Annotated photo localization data
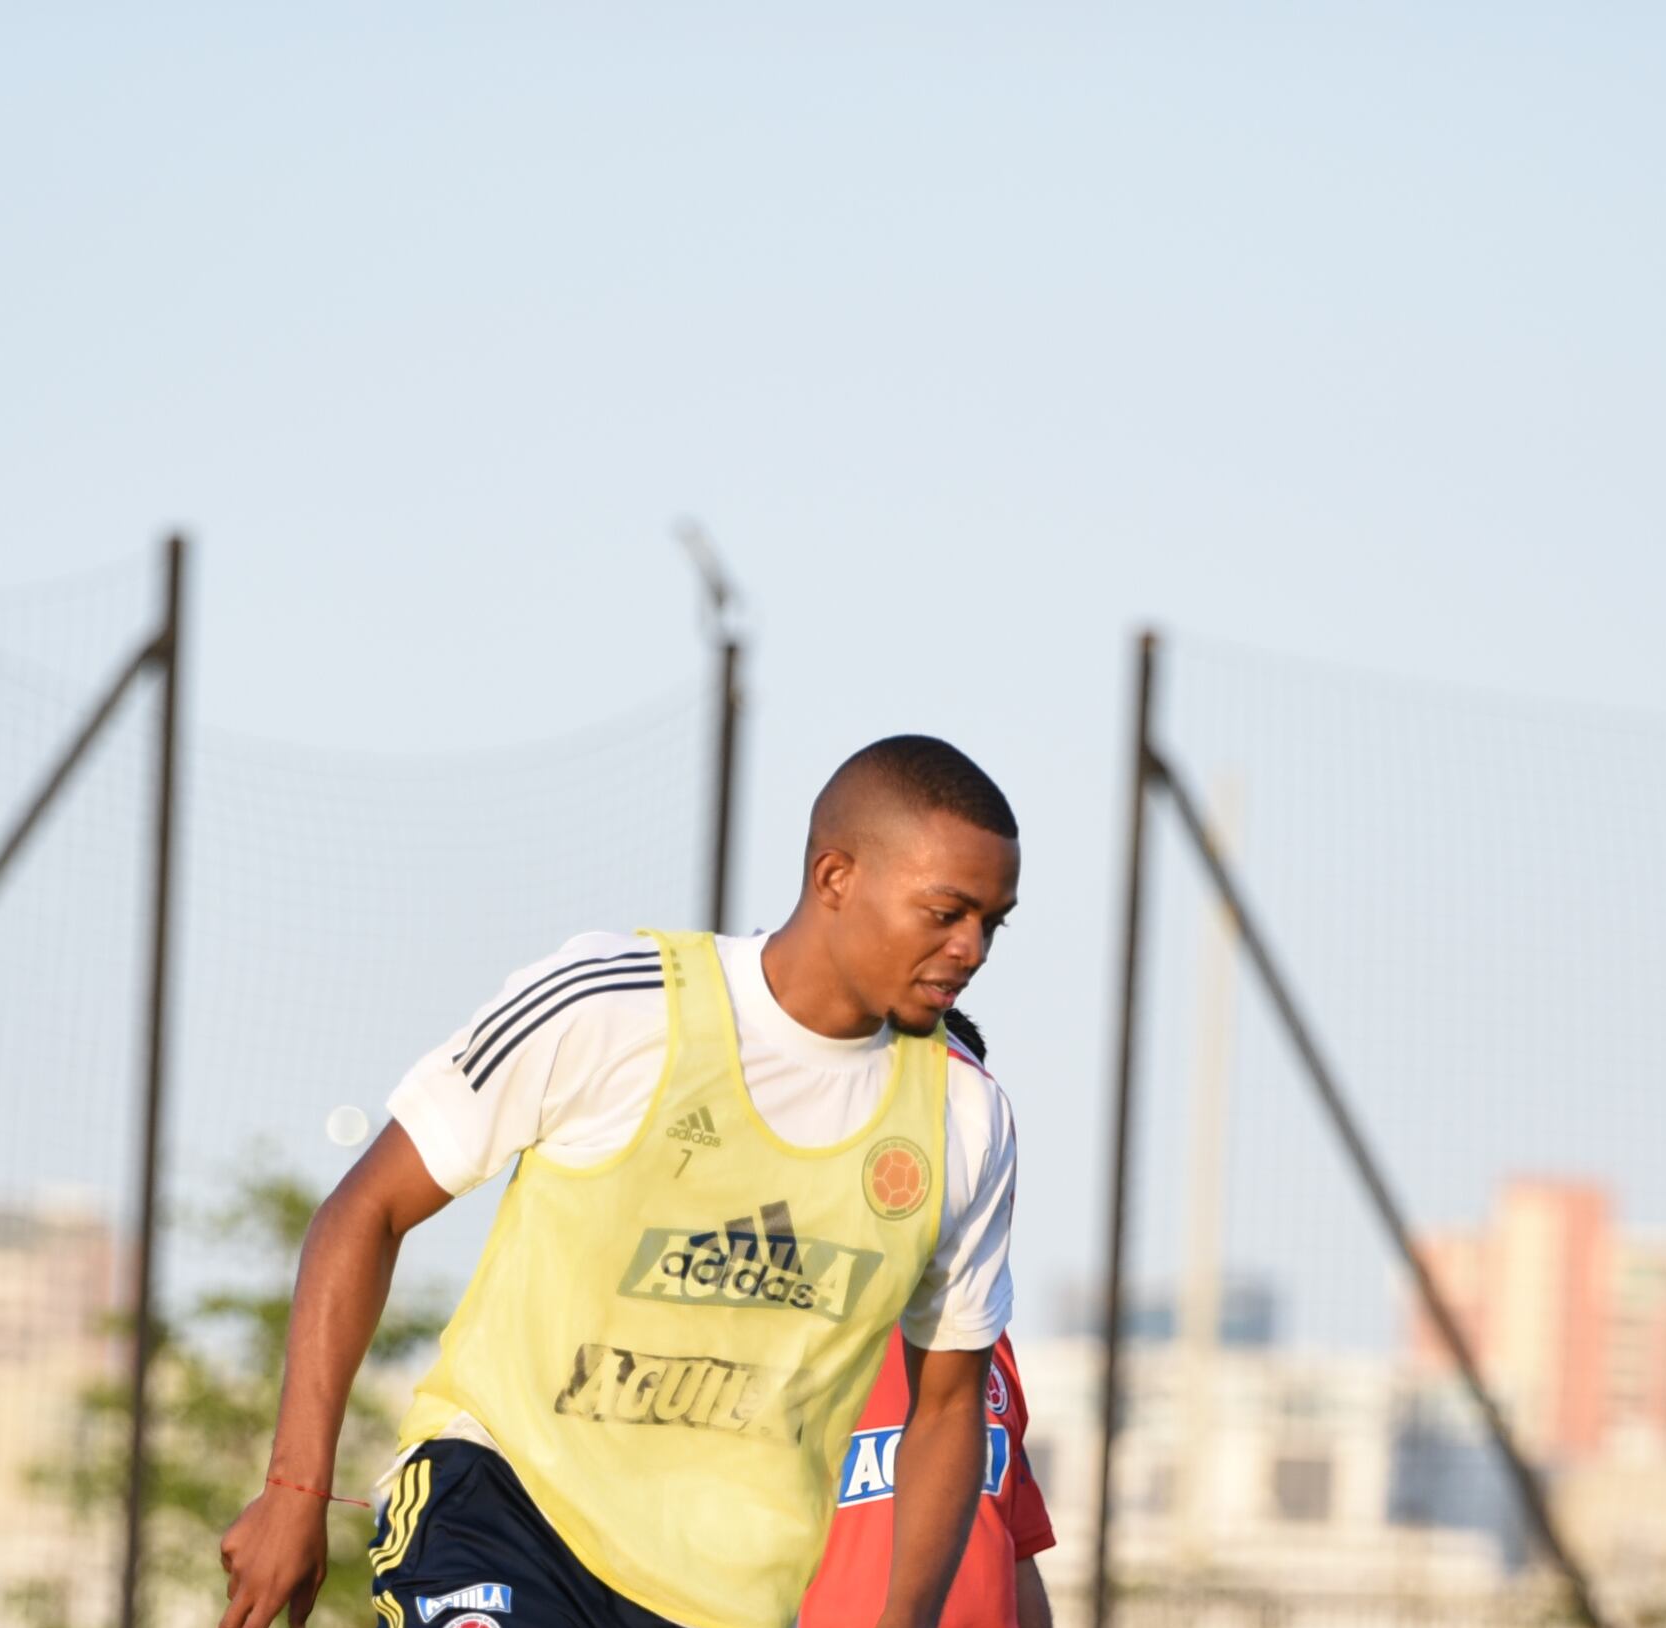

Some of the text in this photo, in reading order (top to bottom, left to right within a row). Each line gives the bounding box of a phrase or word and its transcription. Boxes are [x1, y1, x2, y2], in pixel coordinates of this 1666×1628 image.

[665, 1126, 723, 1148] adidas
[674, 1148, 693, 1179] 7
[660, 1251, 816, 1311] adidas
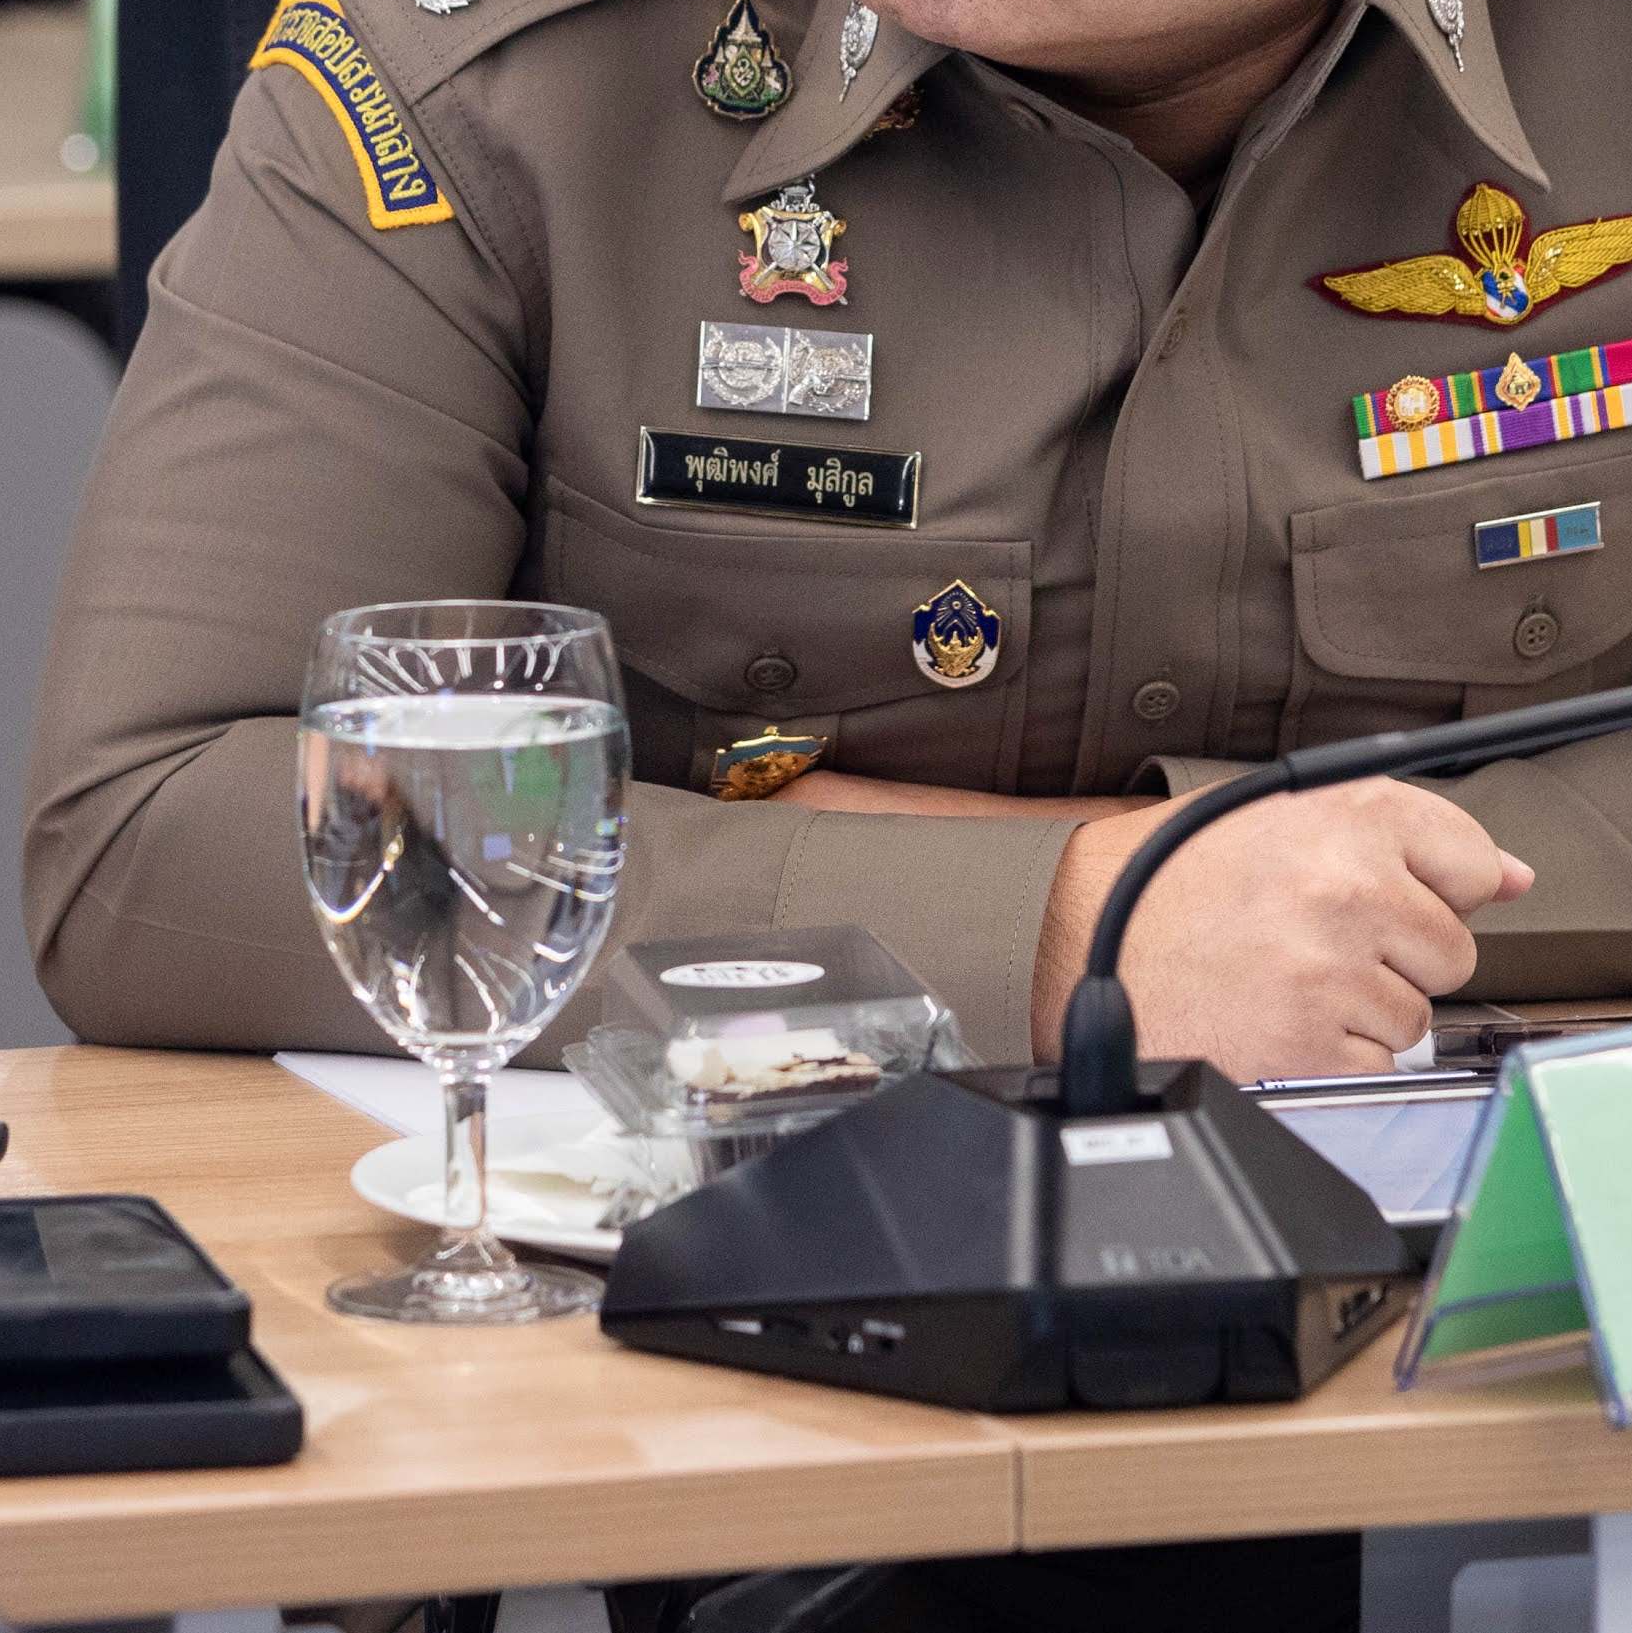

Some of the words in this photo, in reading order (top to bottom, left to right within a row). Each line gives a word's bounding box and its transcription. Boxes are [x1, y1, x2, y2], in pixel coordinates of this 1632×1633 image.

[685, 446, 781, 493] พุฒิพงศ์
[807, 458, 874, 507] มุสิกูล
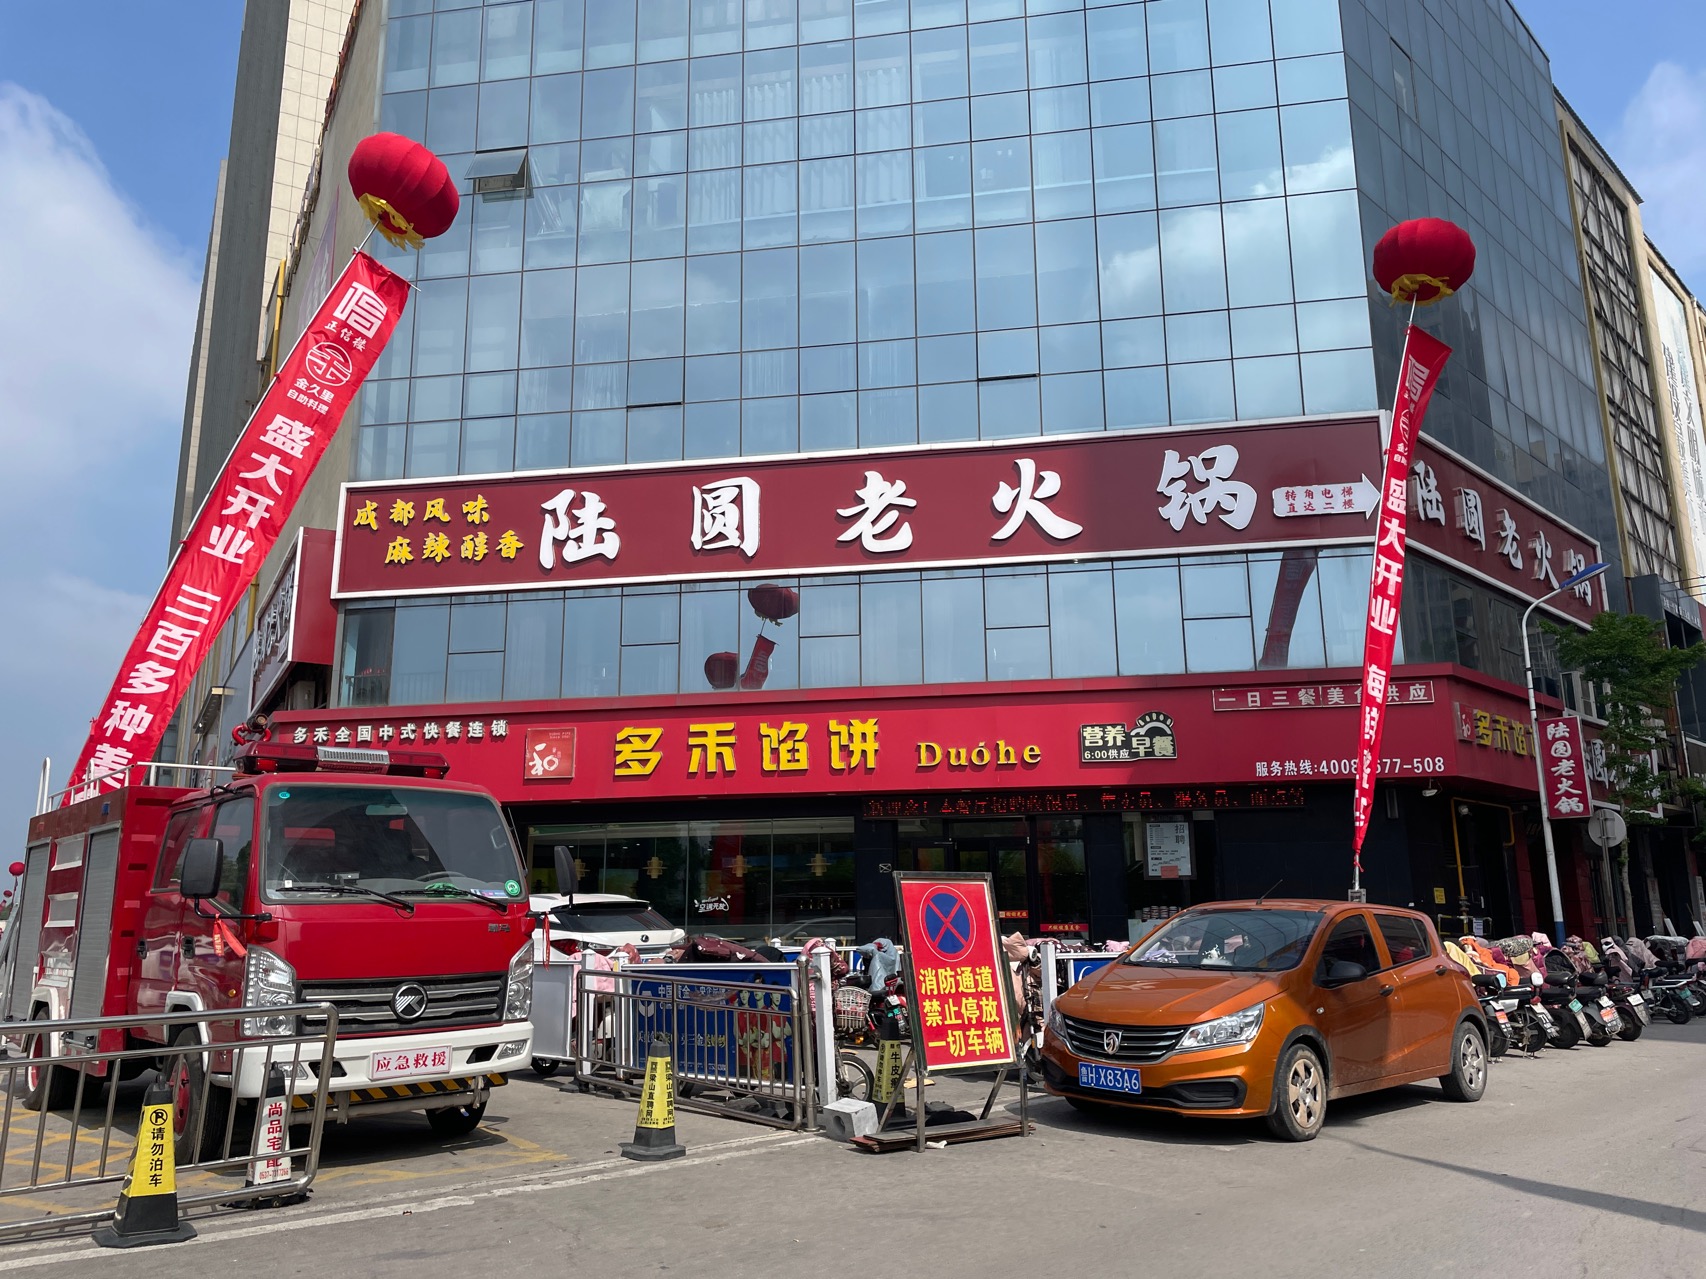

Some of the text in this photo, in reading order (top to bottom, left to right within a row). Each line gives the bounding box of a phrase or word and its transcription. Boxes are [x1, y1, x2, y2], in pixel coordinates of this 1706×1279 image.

§ What is required:
Give back the data exactly, with no images.

§ Exercise response:
Some of the text in this photo, in reading order (top to bottom, left to right within a row). Each line gives the bounding box of a phrase or word and its transcription. Boxes are [x1, y1, x2, y2], in pixel coordinates of this 1666×1628 image.

[665, 1126, 723, 1148] adidas
[674, 1148, 693, 1179] 7
[660, 1251, 816, 1311] adidas

Some of the words in this photo, in reading order (top to bottom, left to right within a row). Each line gives a word's bounding box and its transcription. Boxes are [x1, y1, x2, y2], in pixel coordinates of this 1632×1633 image.

[685, 446, 781, 493] พุฒิพงศ์
[807, 458, 874, 507] มุสิกูล

Some of the text in this photo, in reading order (top to bottom, left to right within a row). Each line gives the bounding box of a phrase or word and its transcription. Boxes are [x1, y1, x2, y2], in pixel coordinates of this 1706×1279 image.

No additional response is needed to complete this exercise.